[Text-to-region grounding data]

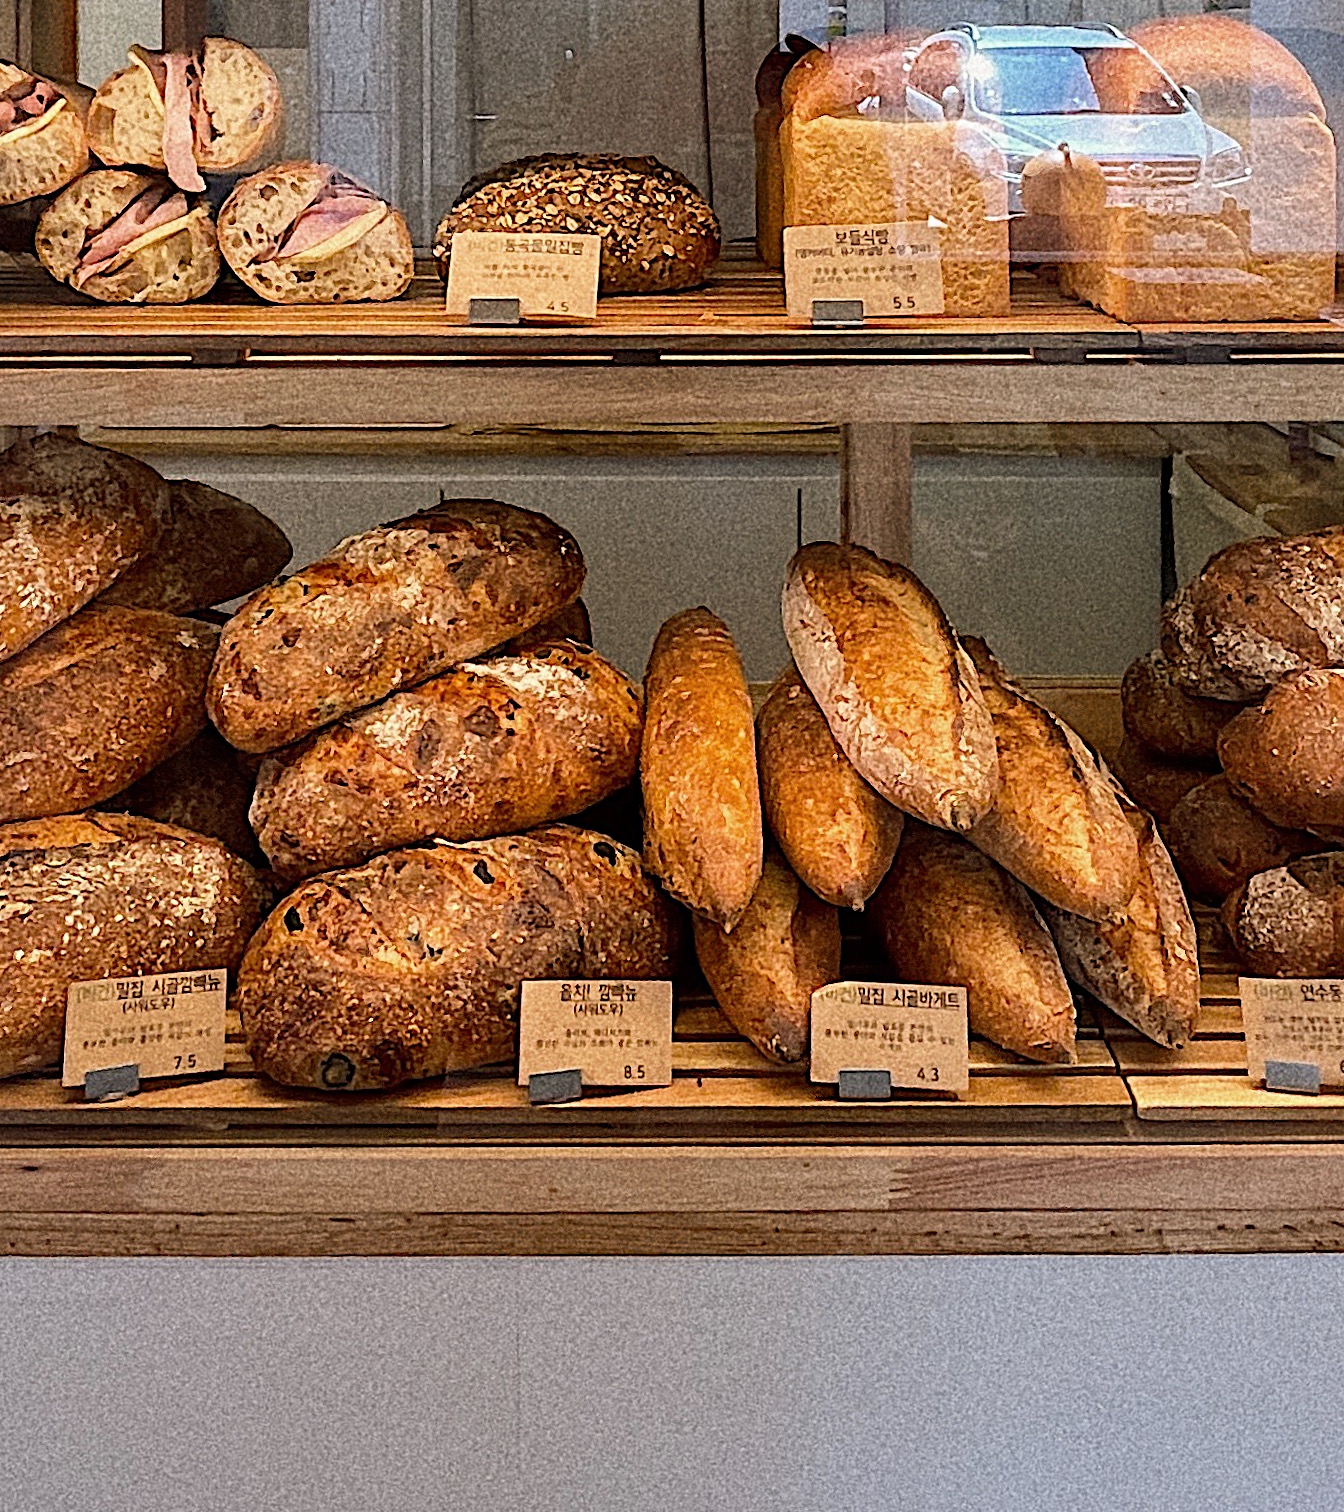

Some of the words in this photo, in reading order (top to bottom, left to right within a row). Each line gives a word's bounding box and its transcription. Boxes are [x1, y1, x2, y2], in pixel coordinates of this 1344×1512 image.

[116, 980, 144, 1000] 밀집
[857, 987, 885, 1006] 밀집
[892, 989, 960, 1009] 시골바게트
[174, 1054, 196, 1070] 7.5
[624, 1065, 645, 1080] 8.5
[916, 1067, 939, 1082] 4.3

→ Your objective:
Apart from the images, the entries above must be returned without alteration.

→ Result of the task:
Some of the words in this photo, in reading order (top to bottom, left to right within a row). Each line gives a word's bounding box and its transcription. Boxes are [x1, y1, x2, y2], in pixel coordinates of this 1344×1512 image.

[116, 980, 144, 1000] 밀집
[857, 987, 885, 1006] 밀집
[892, 989, 960, 1009] 시골바게트
[174, 1054, 196, 1070] 7.5
[624, 1065, 645, 1080] 8.5
[916, 1067, 939, 1082] 4.3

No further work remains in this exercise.